#### [What is being asked]
Produce a verbatim copy of the records, and keep the images out of it.

#### [Task data]
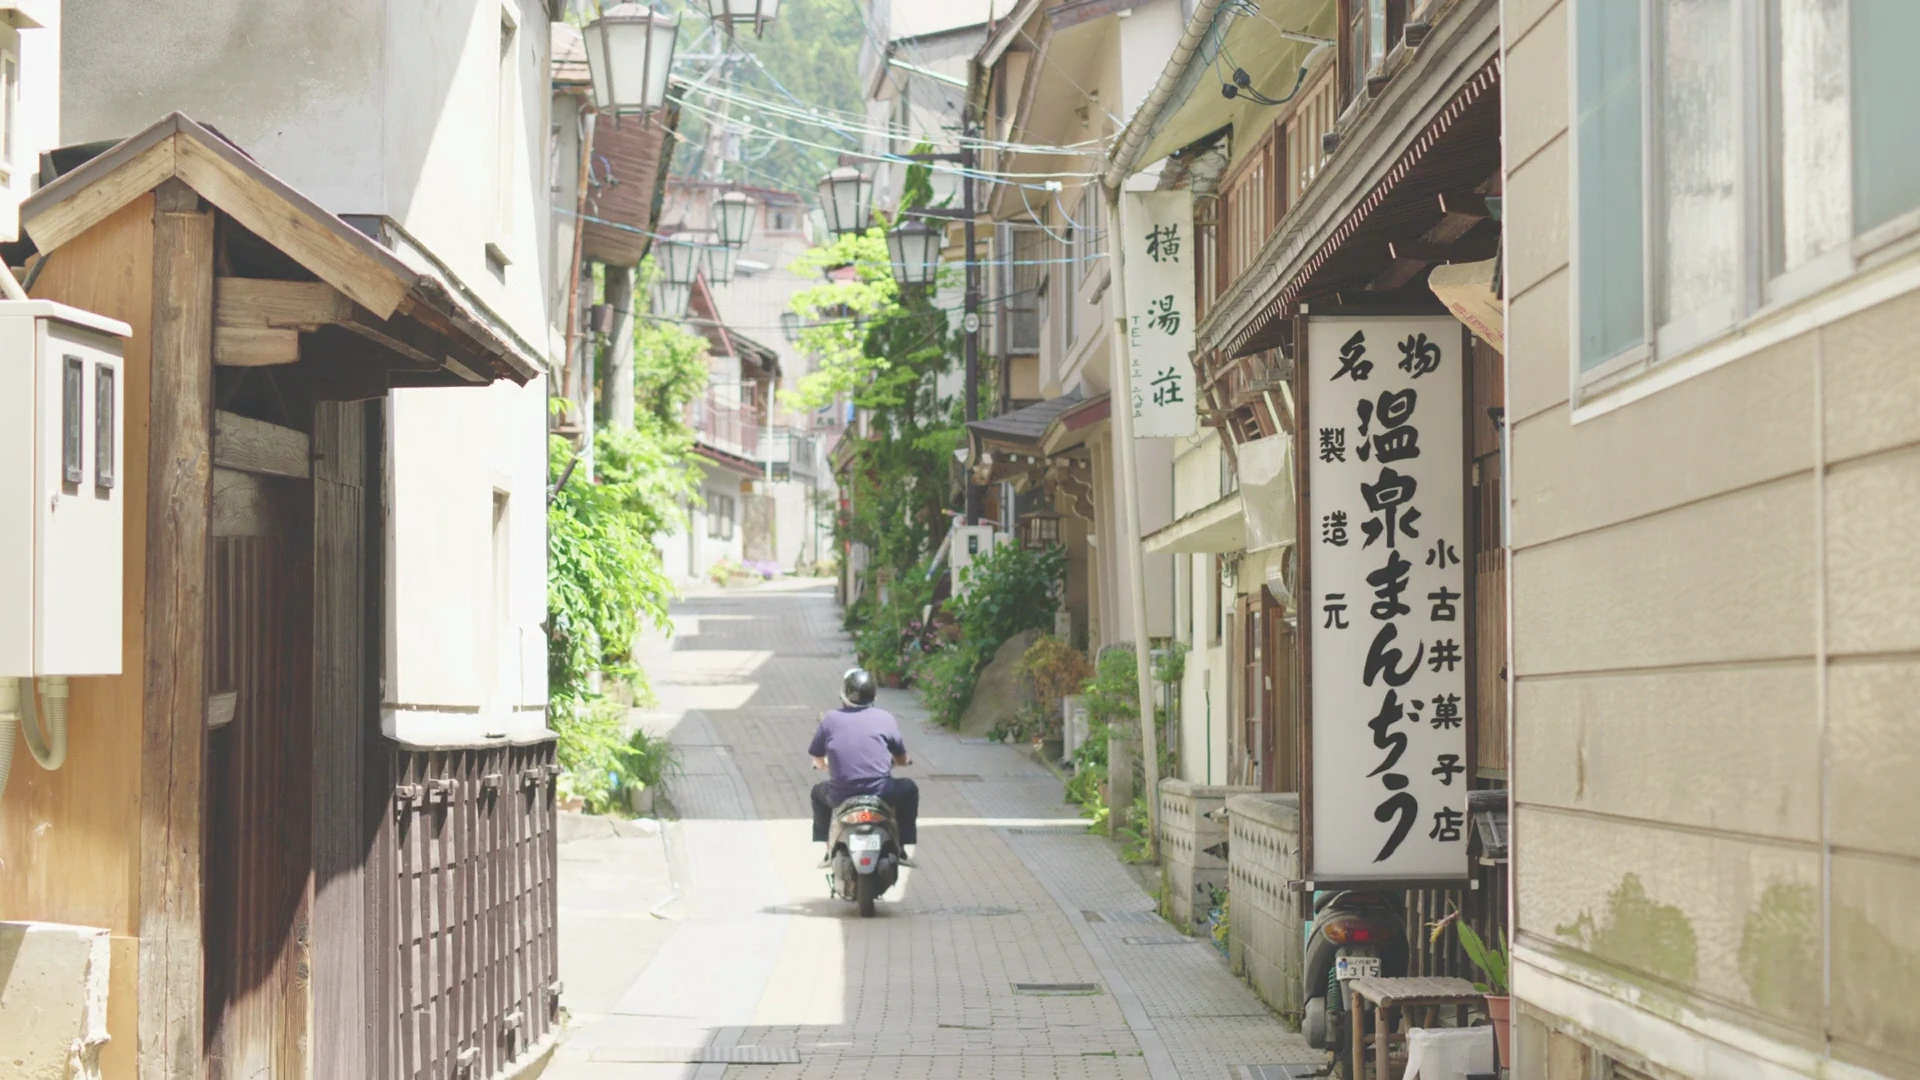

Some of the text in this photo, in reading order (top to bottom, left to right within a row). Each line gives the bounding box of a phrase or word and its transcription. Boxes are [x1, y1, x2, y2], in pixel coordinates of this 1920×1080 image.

[1131, 315, 1142, 348] TEL
[1330, 329, 1441, 382] 名物
[1319, 427, 1350, 630] 製造元
[1355, 388, 1425, 864] 温泉まんぢう
[1425, 538, 1466, 842] 小古井菓子店
[1350, 965, 1380, 978] 315
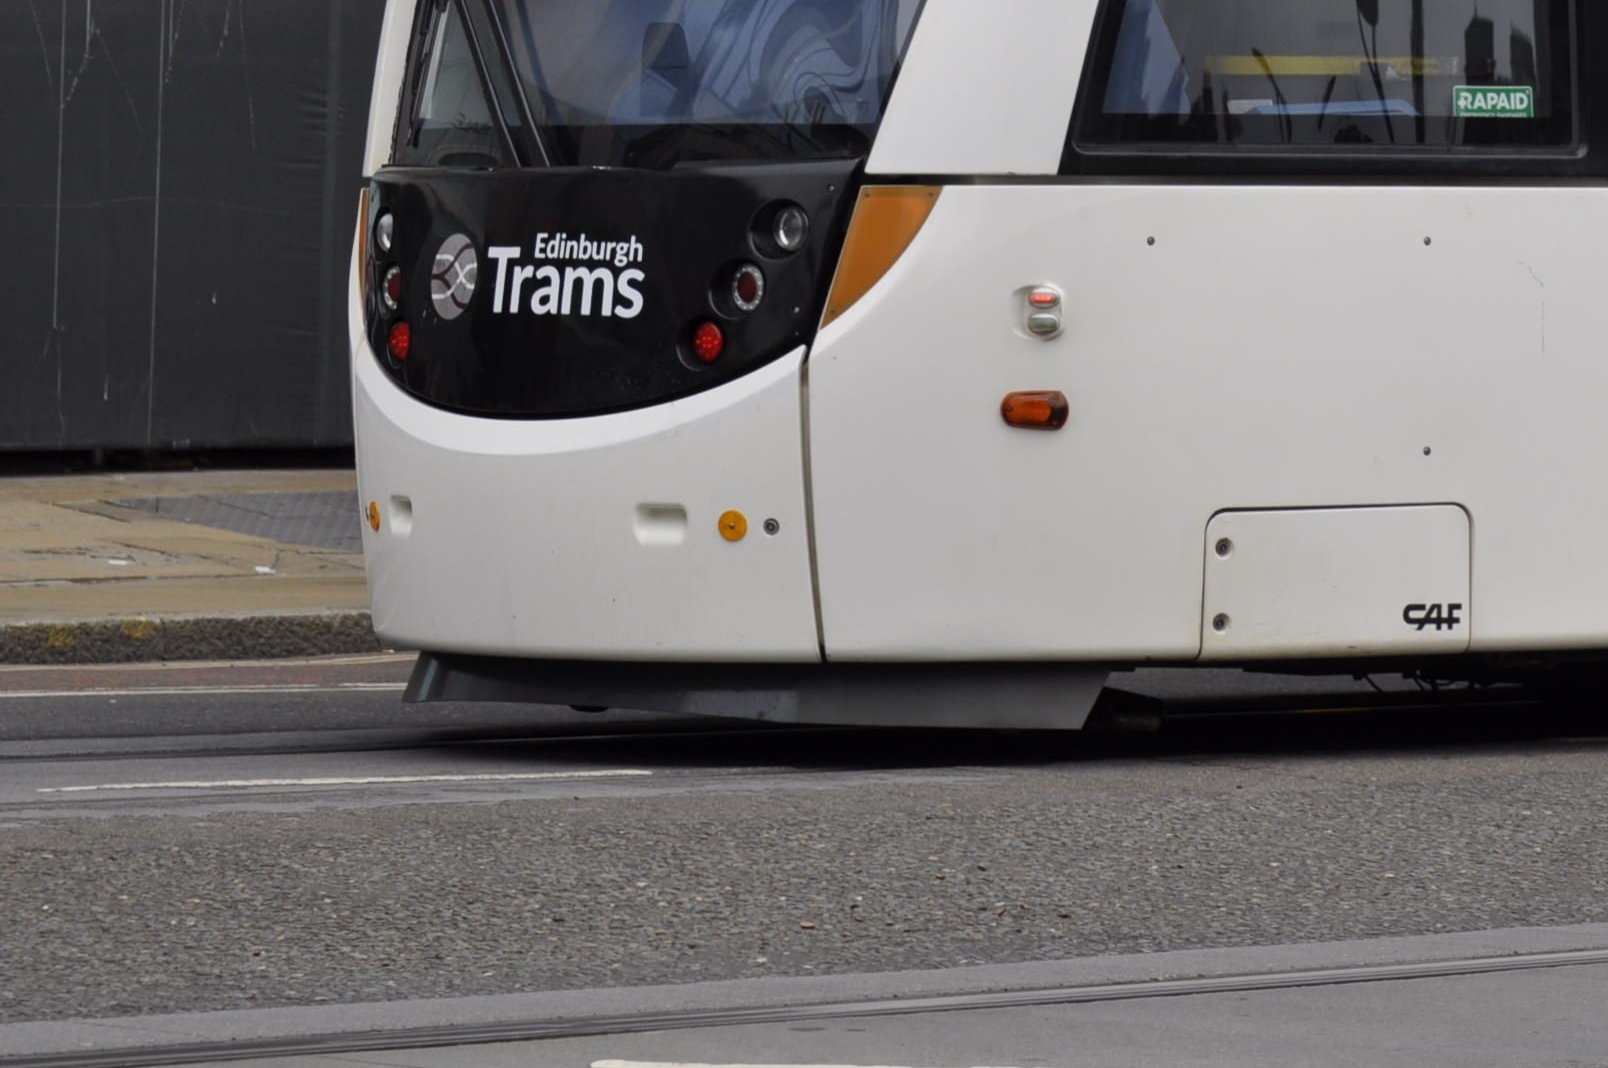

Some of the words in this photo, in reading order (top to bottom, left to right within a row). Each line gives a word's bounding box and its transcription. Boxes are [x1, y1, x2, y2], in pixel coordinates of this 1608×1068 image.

[1458, 92, 1529, 110] RAPAID
[534, 232, 644, 267] Edinburgh
[487, 245, 646, 319] Trams
[1402, 603, 1462, 631] CAF
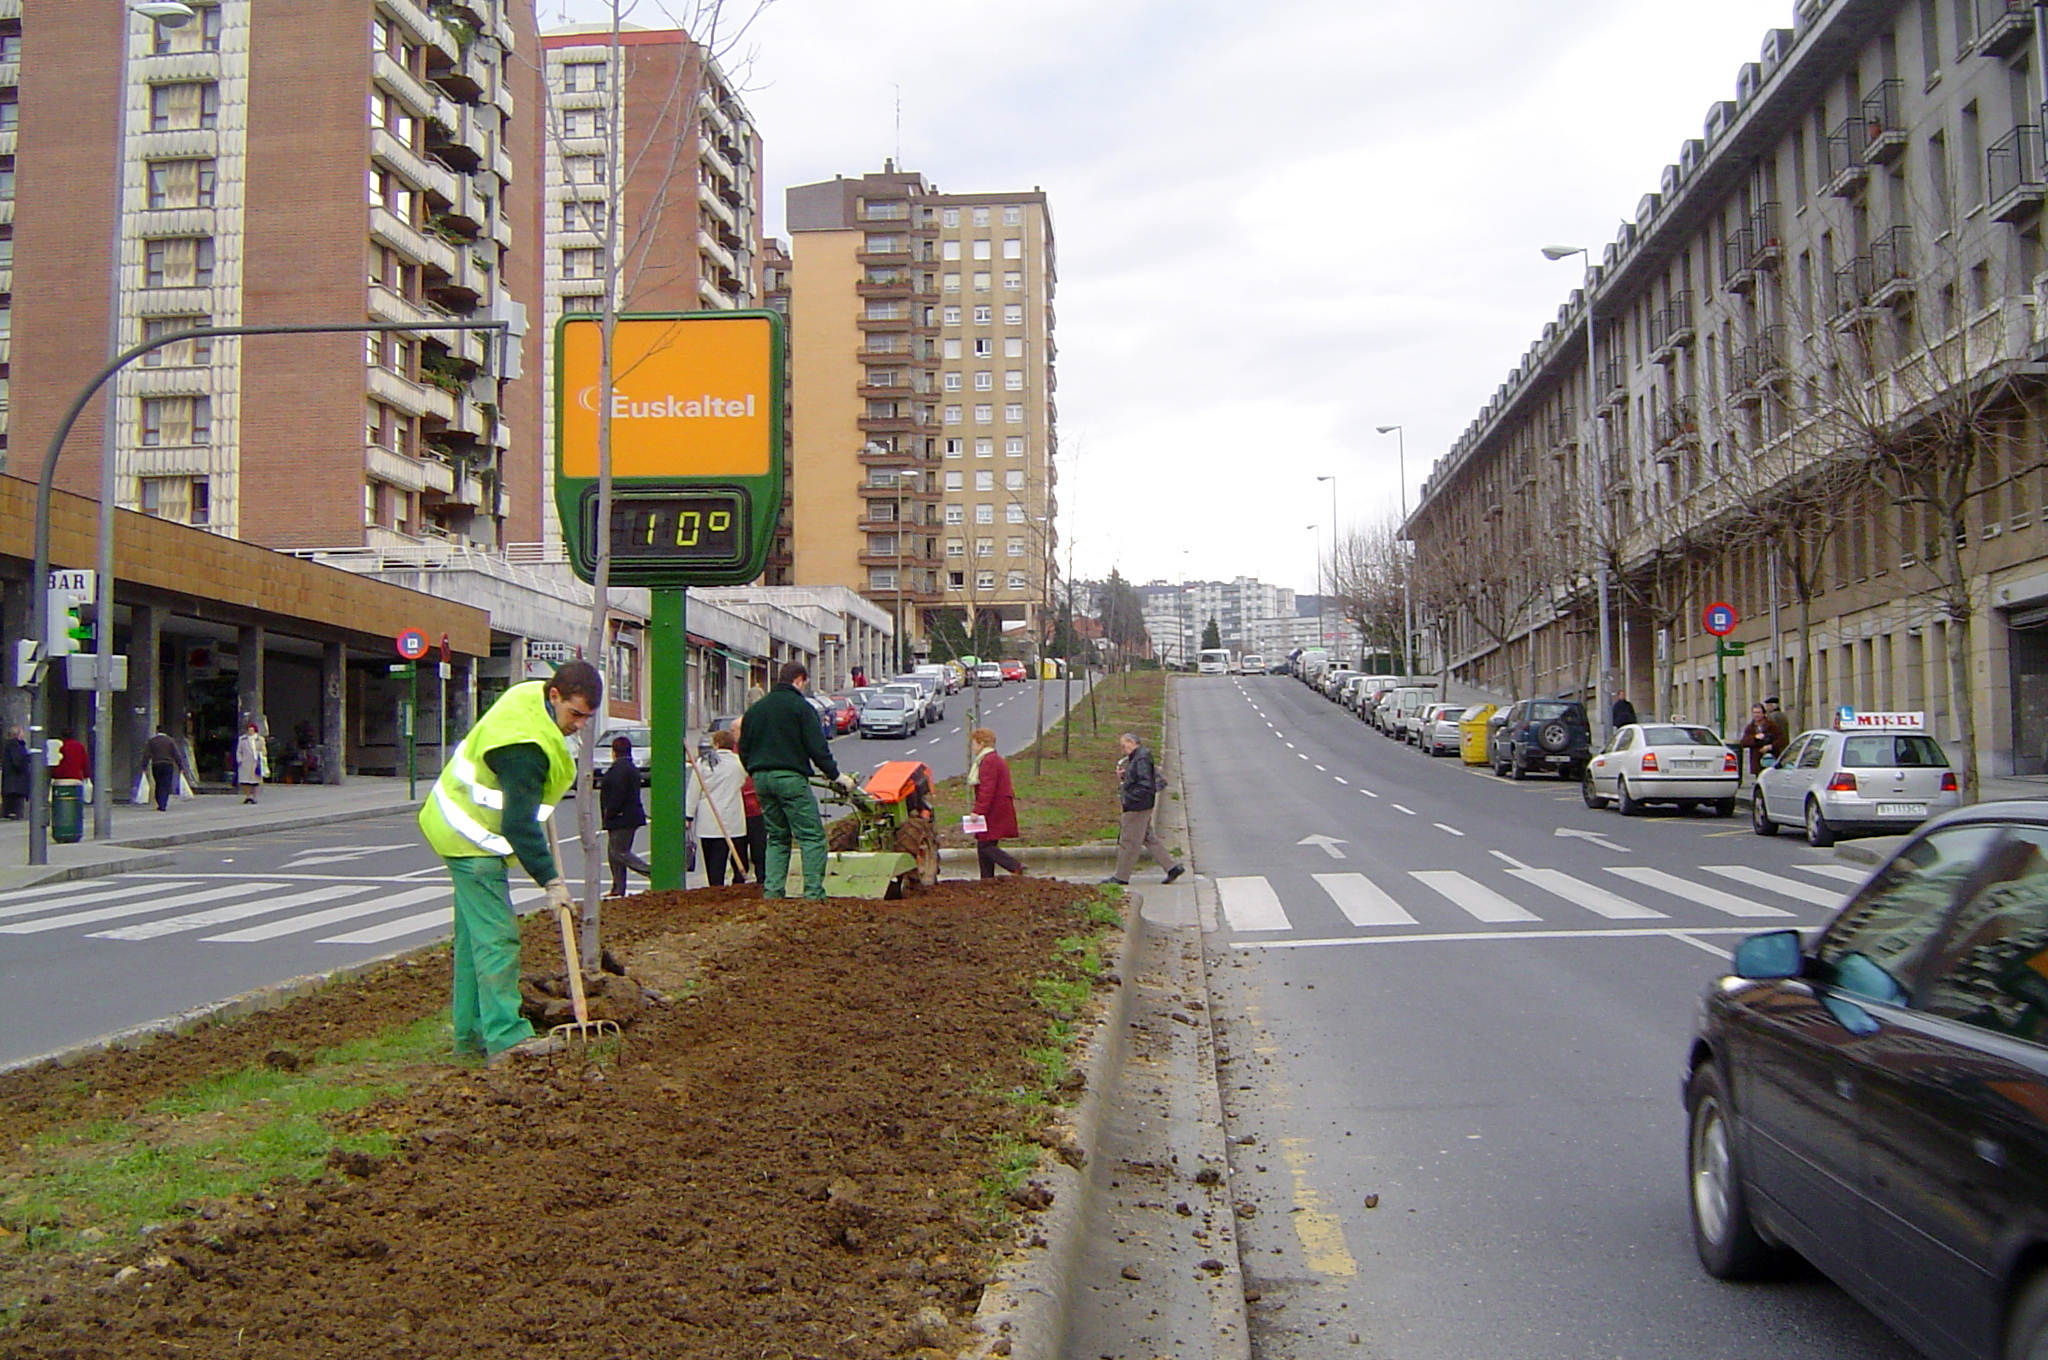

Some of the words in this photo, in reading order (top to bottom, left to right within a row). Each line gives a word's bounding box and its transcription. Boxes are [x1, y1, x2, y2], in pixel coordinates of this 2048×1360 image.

#### [Solution]
Some of the text in this photo, in reading order (top to bottom, left to right within a row). Each line gives the bounding box of a phrase or word and its transcription. Boxes are [x1, y1, x2, y2], in pixel coordinates of this 1920×1080 image.

[1131, 315, 1142, 348] TEL
[1330, 329, 1441, 382] 名物
[1319, 427, 1350, 630] 製造元
[1355, 388, 1425, 864] 温泉まんぢう
[1425, 538, 1466, 842] 小古井菓子店
[1350, 965, 1380, 978] 315

Some of the words in this photo, in reading order (top to bottom, left to right within a row). Each line gives a word's bounding box and its transcription. Boxes are [x1, y1, x2, y2], in pixel coordinates of this 1608×1068 image.

[1458, 92, 1529, 110] RAPAID
[534, 232, 644, 267] Edinburgh
[487, 245, 646, 319] Trams
[1402, 603, 1462, 631] CAF

Some of the words in this photo, in reading order (top to bottom, left to right within a row). Each line gives a word's bounding box and its transcription. Boxes are [x1, y1, x2, y2], in pixel coordinates of this 2048×1360 image.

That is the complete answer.